Top profile Call Girls In Begusarai [ 7014168258 ] Call Me For Genuine Models...
Internet Archives as a Tool for Research: Decay in Large Scale Archival Records
1. Matthew S. Weber
Hai Nguyen
Rutgers University
IEEE Big Data Congress 2015
Millenium Hotel, NY, NY
Wednesday, July 1, 2015
BIG DATA,
BIG ISSUES
2.
3. 3
Dataset Research Potential Dates Captures Unique URLs
Hurricane Katrina Online networks and organizational
resilience (Chewning, Lai and Doerfel,
2012; Perry, Taylor and Doerfel, 2003) in
the wake of disasters; information
dissemination
2003 – 2012 1,694,236 663,740
Superstorm
Sandy
2003 – 2012 41,703,112 20,013,455
US Senate Study the growth of political activity in
online environments (Adamic & Glance,
2005; Bruns, 2007; Chang & Park, 2012);
polarization & media discourse
109th – 112th
Congresses
26,965,770 8,674,397
US House 51,840,777 12,410,014
Occupy Wall
Street
Previous research on NGOs in the online
environment (Bach & Stark, 2004;
Shumate, 2003, 2012; Shumate, Fulk, &
Monge, 2005); use of hyperlink data to
study the formation and role of alliances
between SMOs
2010 – 2012 247,928,272 11,3259,655
US Media
Previous studies of news media
organizations (Greer & Mensing, 2006;
Weber, 2012; Weber & Monge, In
Press); focus on evolutionary patterns
2008 – 2012 1,315,132,555 539,184,823
4. What’s in the data?
4
Source | Destination | Date | Frequency | Content Type | Bytes | Descriptive Text
Link Data:
http://gawker.com/5953665/mitt-romneys-
staff-played-the-media-covering-them-in-a-
friendly-game-of-flag-football
Mitt Romney's Staff Played the Media Covering
Them in a Friendly Game of Flag
http://gawker.com
2012-10-22
20. • Scale out across multiple datasets:
– US House – 2005:2013:
– US Senate – 2005:2013
– Hurrican Katrina – 2003:2012:
– Occupy Wall Street – 2010:2012
20
21. 0 5 10 15 20 25 30
050000010000001500000200000025000003000000
Potential vs. Actual URLs
CountofPages
21t
CountofURLs
Potential
Actual
Difference
22. 22
0e+002e+064e+066e+06
Changes in Crawl Completeness
CountofPages
t
CountofURLs
OWS
House
Senate
Katrina
existing
potential
b =
set a unit of time for analysis, c
choosing n perios across a total time T
23. In the ideal case, it would be possible to create a factor that corrects
for data degrade:
bt
How does this help?
Each of the illustrated cases fits against an
exponential function ~ b
• Senate: 0.13
• House: 0.13
• Katrina: 0.02
• OWS: 0.10
23
ebt
27. Lessons Learned
• Degradation is a factor in working with available large-scale data
– In part, degradation is related to the provenance of the data
– In turn, there is a need to record the origins of datasets (provenance)

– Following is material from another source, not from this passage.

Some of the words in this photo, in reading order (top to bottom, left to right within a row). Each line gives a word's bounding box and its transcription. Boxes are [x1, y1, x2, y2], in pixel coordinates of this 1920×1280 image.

• Patterns of degradation prove problematic for statistical analyses
– Ex: network analysis with snowball samples vs. whole network
• Continued work needed to develop research guidelines as more
scholars engage with this data
27
28. Get in contact with us:
– matthew.weber@rutgers.edu
– @mediareinvented
The Team
– Kris Carpenter, Vinay Goel, Internet Archive
– David Lazer, Katherine Ognyanova, Northeastern University
– Allie Kosterich, Hai Nguyen, Rutgers University
Research supported by NSF Award #1244727 and the NetSCI Lab @ Rutgers
Hinweis der Redaktion
There are many types of large-scale data… only talking about Internet based data… focusing on datasets that are re-used.
- Markus - “social scientists are used to fine-grain, well-controlled data, and that doesn’t exist on the web”

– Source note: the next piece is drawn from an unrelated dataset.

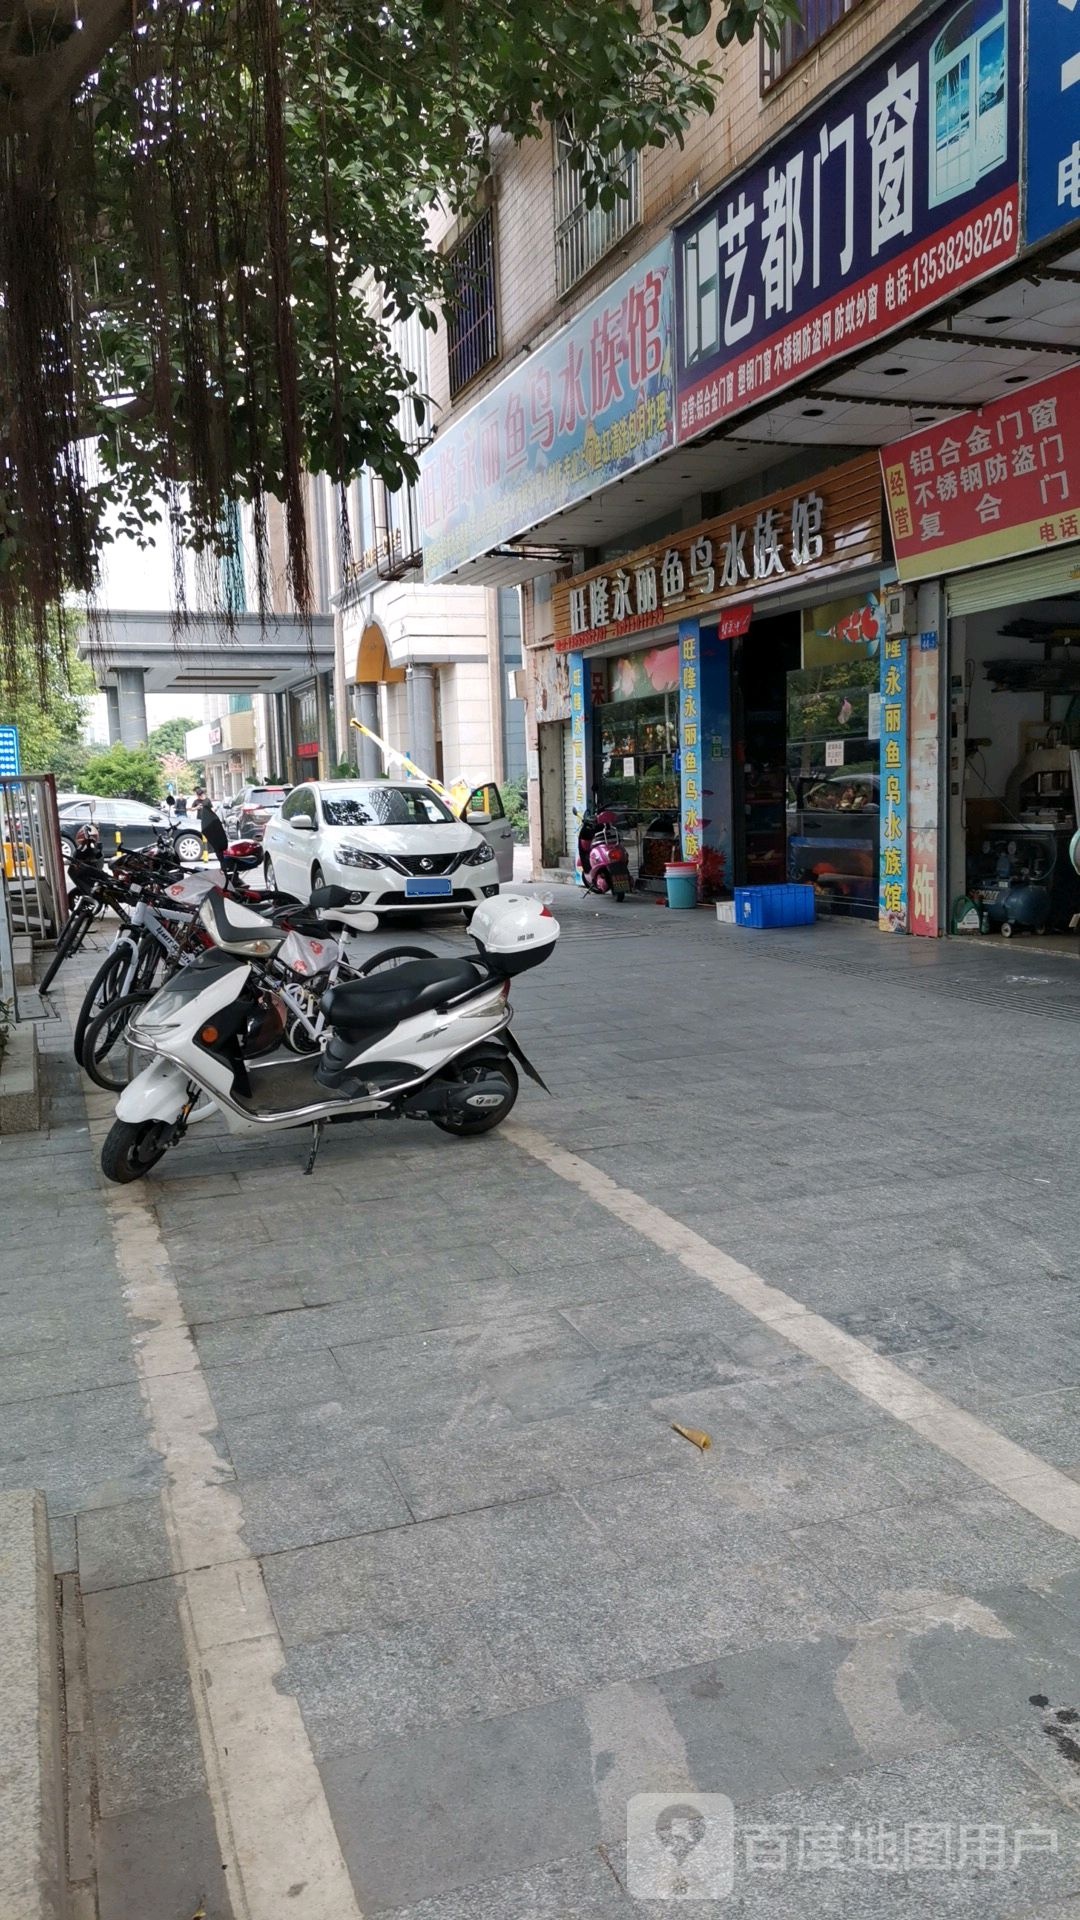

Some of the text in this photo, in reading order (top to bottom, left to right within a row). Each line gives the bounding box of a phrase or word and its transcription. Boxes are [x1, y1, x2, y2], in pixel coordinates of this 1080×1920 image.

20th Century Collection = 9TB of metadata
Media Seed List = 4,891
For instance, researchers have proposed focusing archival efforts on capturing data that changes the most frequently, in order to capture the majority of new content [36]. Elsewhere, researchers have suggested that crawling strategies should prioritize archival efforts based on the size and relative position of websites within their larger ecosystems [37].
150 TB storage… main compute pool has 72 compute nodes w/ 128GB memory per node
Correlations between outgoing link vectors to show profile similarities
Driscoll and Walker (2014) For instance, a comparison of Twitter data collected via a public API and data collected from a “fire hose” provided by GNIP PowerTrack, found significant differences between the two datasets. In most cases the PowerTrack data proved to be more powerful,
3 month windows of time…
Also looked at the size of the webpages, and estimating out size… wasn’t as reliable.